Women have a nesting instinct and look forward to the changes that married life keeps bringing.

These are generalizations of course. So is Einstein's statement that prompted this whole discussion.


----------



## EleGirl (Dec 3, 2011)

ExiledBayStater said:


> Because men enjoy waking up next to a pretty woman and taking her on a ride on a motorcycle or in a convertible, sex 4X a week, etc.
> 
> Women have a nesting instinct and look forward to the changes that married life keeps bringing.
> 
> These are generalizations of course. So is Einstein's statement that prompted this whole discussion.


So, do we assume that the only thing men care about is a waking up next to a pretty woman?

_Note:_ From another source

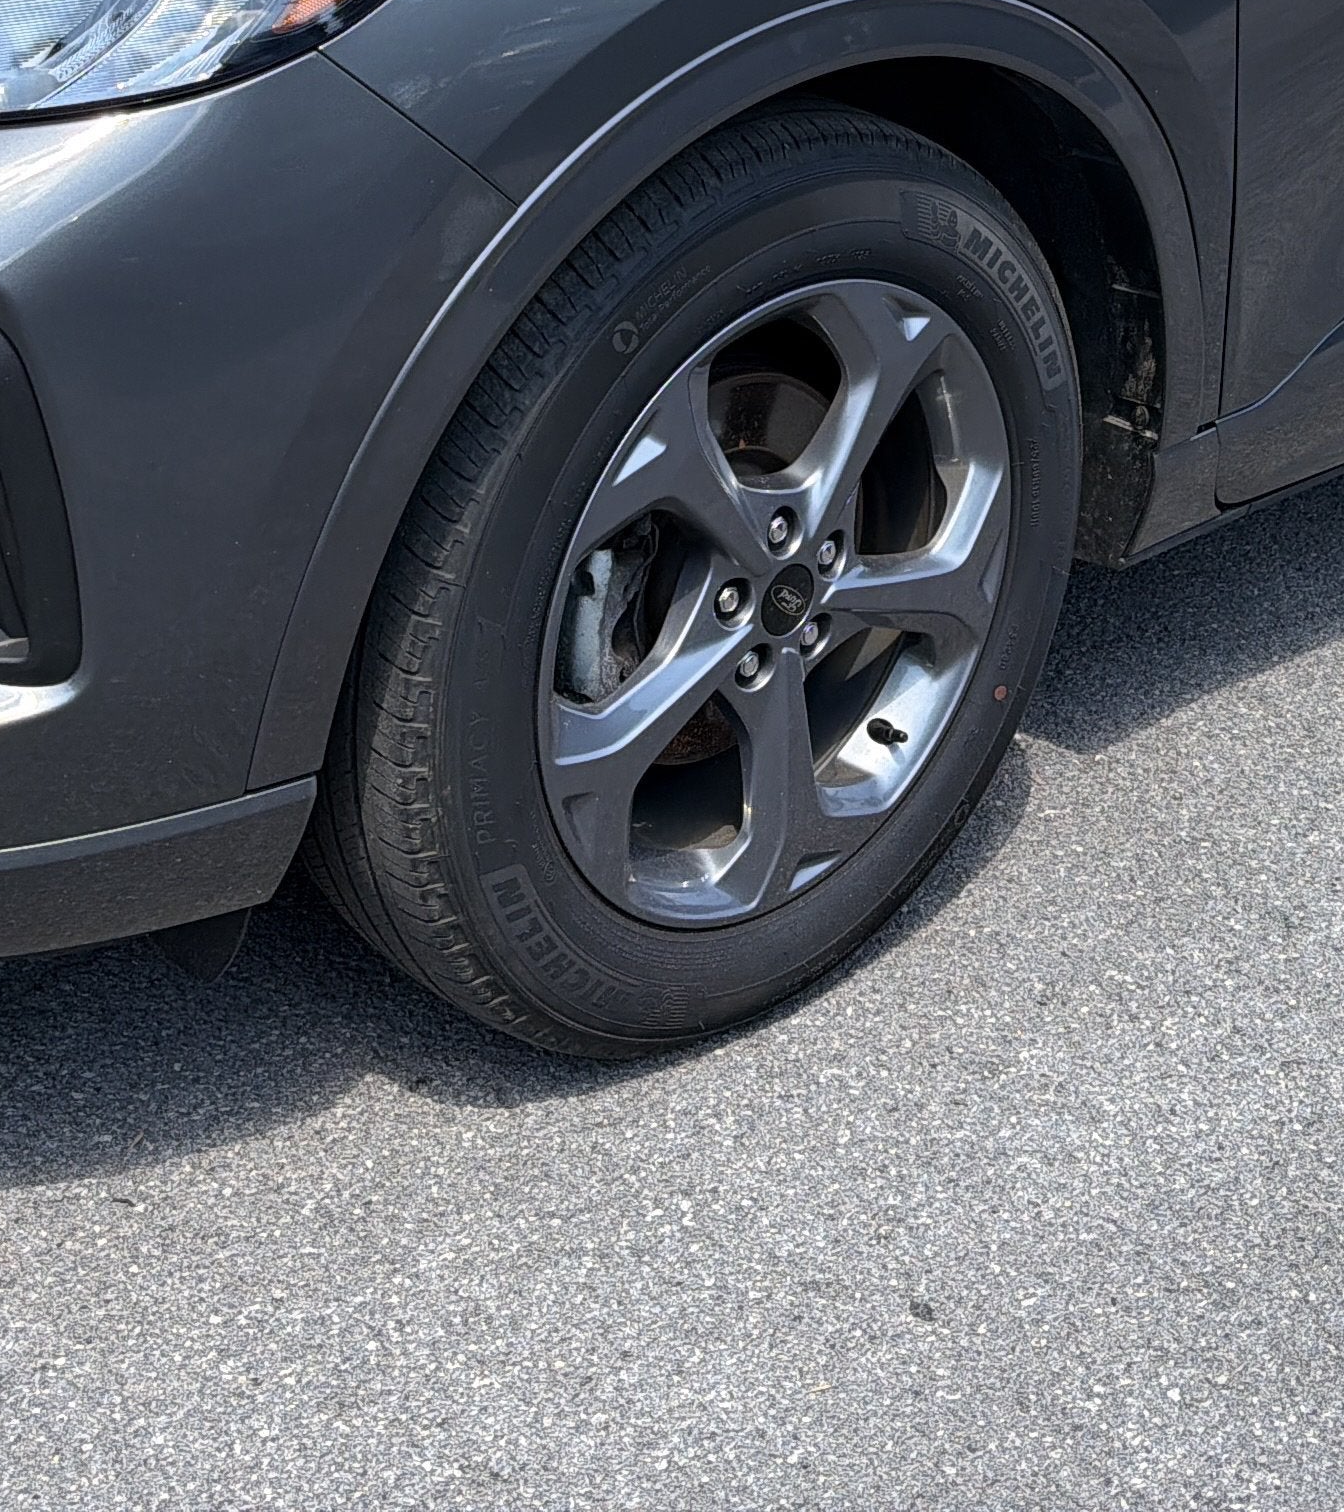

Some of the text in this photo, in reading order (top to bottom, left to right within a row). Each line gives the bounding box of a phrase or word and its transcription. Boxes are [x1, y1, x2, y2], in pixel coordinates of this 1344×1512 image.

Surely men also care about their relationship with that women, with their home, their children, and a whole lot more. 

Marriage is a lot more than a pretty woman.. I would think that it was for men as well.

.


----------



## ExiledBayStater (Feb 16, 2013)

EleGirl said:


> So, do we assume that the only thing men care about is a waking up next to a pretty woman?
> 
> Surely men also care about their relationship with that women, with their home, their children, and a whole lot more.
> 
> ...


I knew you'd be all over that and I hesitated to post - but there was a question begging for an answer. If you post your own response to @OpenWindows question I'm sure you could answer it better.


----------



## EleGirl (Dec 3, 2011)

ExiledBayStater said:


> I knew you'd be all over that and I hesitated to post - but there was a question begging for an answer. If you post your own response to @OpenWindows question I'm sure you could answer it better.


Why be hesitant to post. What’s the fun in that 

The point of my question is that of course men expect women they marry to change. 

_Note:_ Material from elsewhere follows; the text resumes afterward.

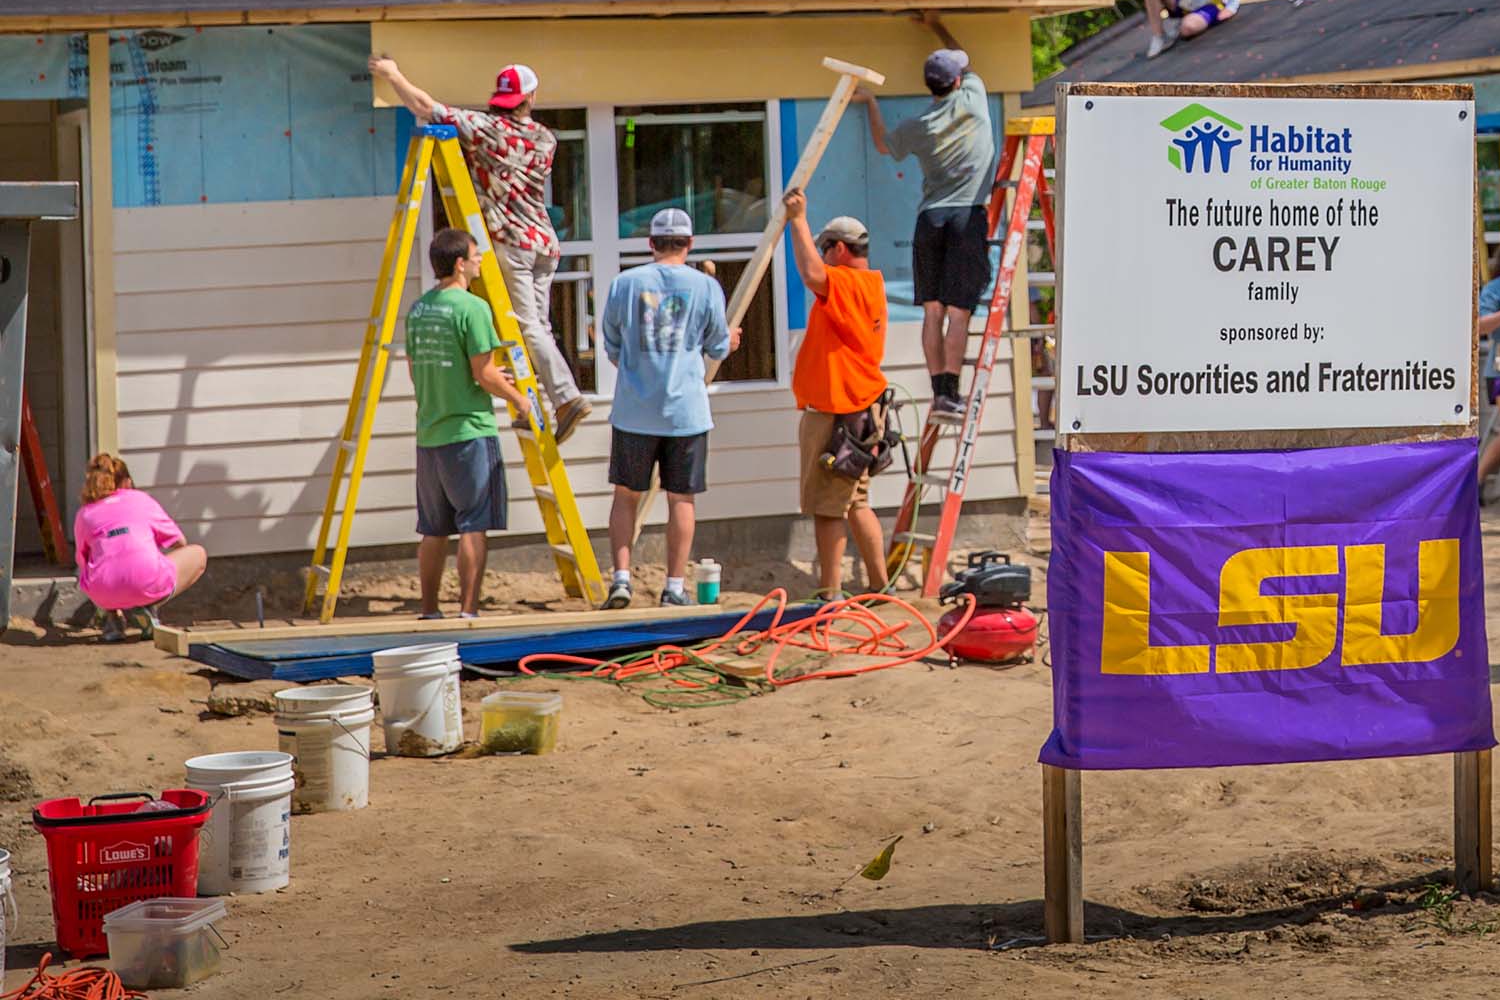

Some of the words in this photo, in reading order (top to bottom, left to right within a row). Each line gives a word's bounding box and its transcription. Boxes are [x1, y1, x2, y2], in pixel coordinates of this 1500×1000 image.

Sure men would like for the woman they marry to always be beautiful.

But that’s not all that marriage is about.

Men expect their wife to grow into a good wife. They expect her to pay attention to his needs and wants and to change to meet those needs.

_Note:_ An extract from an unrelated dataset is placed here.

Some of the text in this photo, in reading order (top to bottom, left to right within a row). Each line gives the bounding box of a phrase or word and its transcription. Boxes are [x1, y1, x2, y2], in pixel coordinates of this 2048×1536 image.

They expect her to grow into the mother of their children, the caretaker of their home, their care taker when the husband is ill, and a gazillion other things. 

If he takes up a new hobby or interest, most men would like their wife to grow in a way to appreciate the new interest/hobby and maybe even join in on it.

In today’s world, a lot of men expect their women to work, grow in their career and bring is a good portion of the family income.

If it turns out that she has some bad traits, most men would be very verbal about it an insist that the woman change:

•	she has a horrible temper
•	She blows money like crazy
•	She’s a slob
•	She cannot keep house
•	She yells at the kids
•	The list is endless of the things that men would speak up about and want to change in a woman that the married if she had those traits.


----------



## Catherine602 (Oct 14, 2010)

Men want their wife to change. His area of desired improvement is usually sensuality. How about the adage to the effect of - marry a nun and turn her into the [email protected] he didn't marry because she was too sensual.


----------



## Mostlycontent (Apr 16, 2014)

Holland said:


> It always amazes me when people do not understand the damage that temper problems cause in a relationship.
> 
> If your partner is trying to tweak out the bad traits (anger, temper) then what she is really doing is trying to save the relationship, she cannot live with (nor should have too) and angry, bad tempered man. What she is telling you is that you are unbearable to live with and if you want her to stay then you had better start behaving like a mature, emotionally healthy man.
> 
> ...



Well, I wouldn't have married her as I don't find a woman with a temper attractive at all. I used anger as an example but you used it to veer off on a tangent. The point is that I didn't have a list of things about her that I needed to fix.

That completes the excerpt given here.